Knudson claimed the rogue thought arose in his mind due to fatigue brought on by long working hours. "It's never happened like this before," Knudson explained. "I just couldn't think about what I was supposed to for a second."

"You can't have people's thoughts deviating from the norm like this," Knudson's supervisor, Anna Wydkoff, told Tribune reporters. "I'm sorry to see him go, he was a hard worker, but if he was that tired, he's burned out and needs to be eliminated anyway."

Knudson's wife agrees. "It's never okay to think thoughts not dictated to you by an outside source. Tom was wrong, and fully deserves his fate, but he seems to want to do the right thing here."

Knudson is scheduled to be vaporized in the "You Failed" chamber on Tuesday. Some, however, do not believe mere instantaneous execution is enough of a punishment for rogue thinkers.

"We need to figure out how to place people in a state where they're conscious yet do not consume any resources," Senate Leader Harold Whaup suggested. "This way, rather than people escaping from the horrors of their failures through the 'You Failed' chamber, we could instead place them into this state of undeath indefinitely and have them programmed to feel and think nothing but the most intense humiliation imaginable for the rest of eternity."

Rogue thought errors such as Knudson's have declined in frequency over the past few years, but kinesthetic errors have risen somewhat, primarily among the elderly, in whom illness and in some cases mere old age contribute to the inability to control one's movements enough to sync within +/- 0.5 seconds of everyone else.

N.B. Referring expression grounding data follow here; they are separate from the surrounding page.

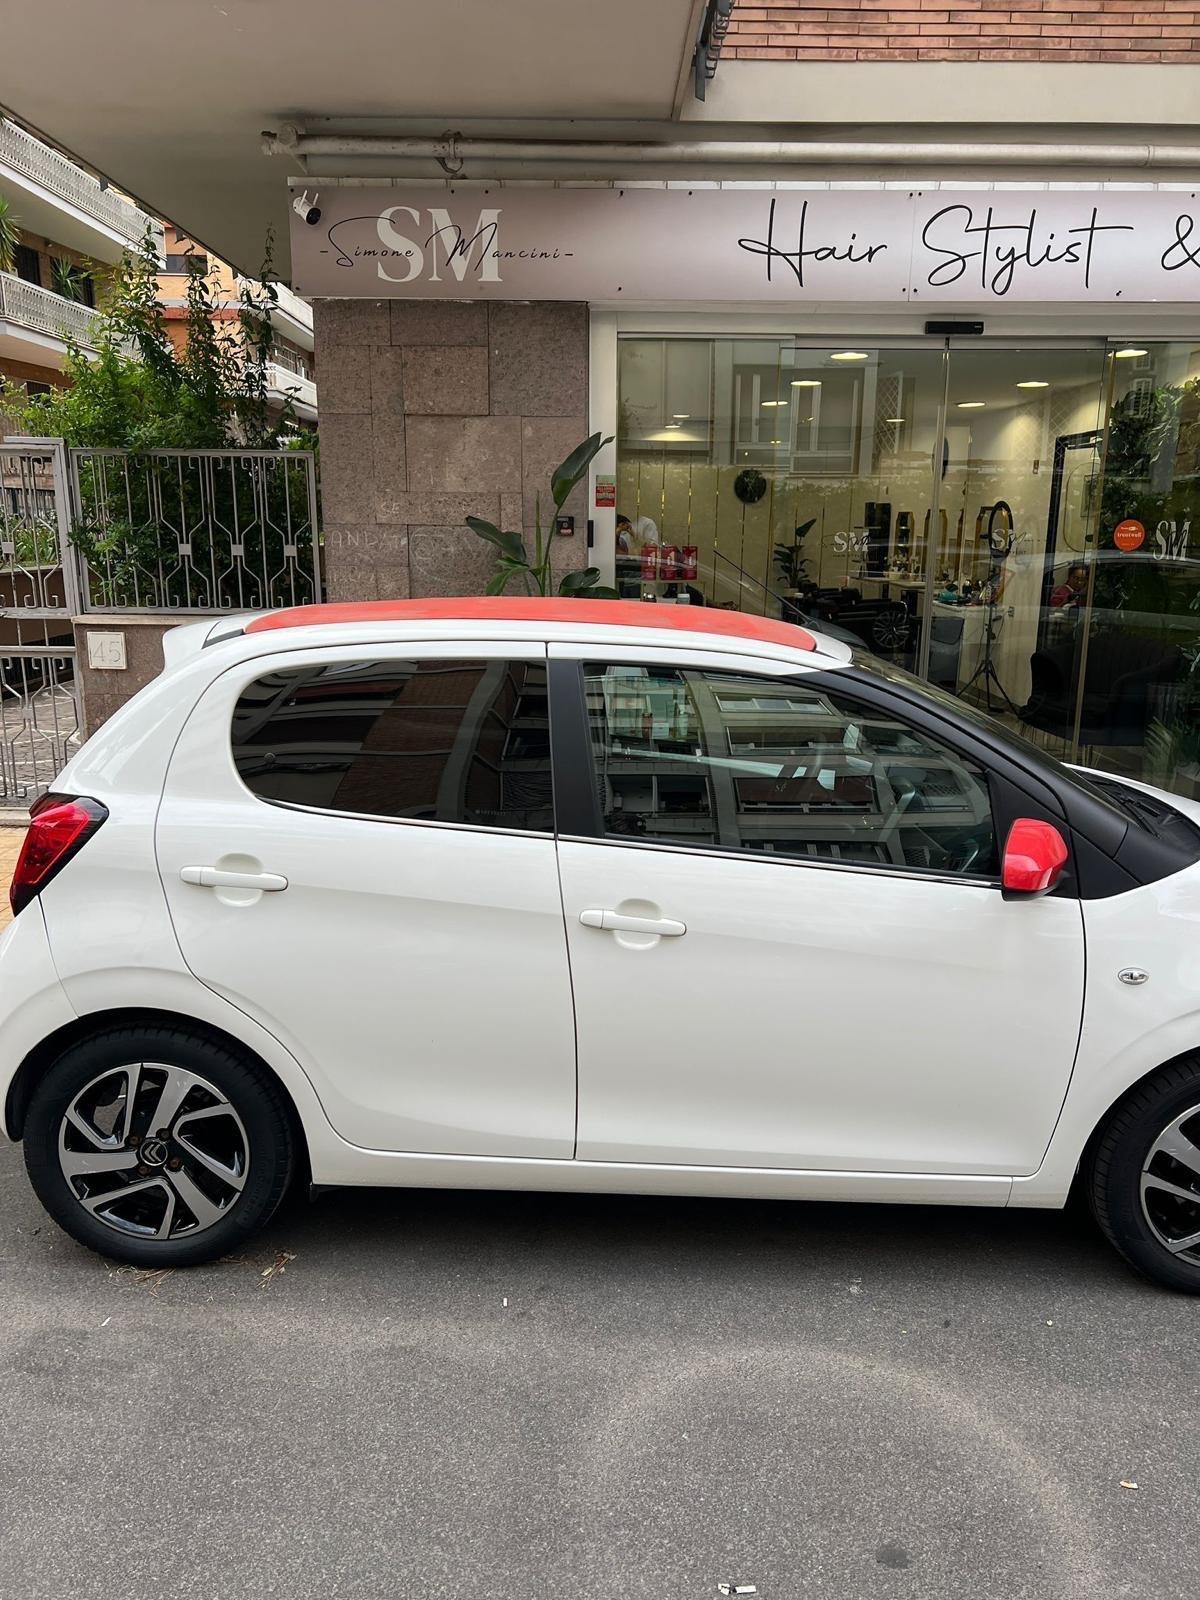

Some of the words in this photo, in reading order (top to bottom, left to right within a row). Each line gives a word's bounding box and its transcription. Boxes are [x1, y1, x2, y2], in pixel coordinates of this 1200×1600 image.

[376, 205, 503, 282] SM
[737, 198, 887, 287] Hair
[921, 204, 1134, 295] Stylist
[1161, 213, 1200, 270] &
[1153, 520, 1191, 560] SM
[93, 640, 121, 662] 45

Bertha Jenkins, 34, of Chicago, had this to say: "I know someday my body'll fail me and I'll fall outside specifications. I just have to try to delay that as long as possible." When told of Harold Whaup's plan, Bertha agreed. "Yes, when I do fail to meet the guidelines for thought and movement I really should be reminded of my utter inferiority for all eternity."

Scientists are currently trying to create robots physically incapable of falling outside thought and movement specifications; one's consciousness would simply be downloaded into these machines, making the need for our failure-prone organic bodies invalid.

But some have other ideas- allowed, of course, by specifications. Greg Watkins, another Chicago native, gave us his take on the replacement of human bodies with robots.

"I don't think that's right. The whole point of these specifications is for us to voluntarily give up our free will and even our individual molecular disparities, not to increase efficiency, but just because it's the right thing to do."

Thomas Knudson agrees, looking forward to his destruction in the "You Failed" chamber. "When we fail, like I did recently, it's a sign that on some probably unconscious or cellular level we don't accept the program anymore, and when that happens we need to be eliminated at the very least."

"Making us all robots would make us one with our programming. We're not worthy of that honor. We need to be able to fail so that we're eternally separate from our holy programming."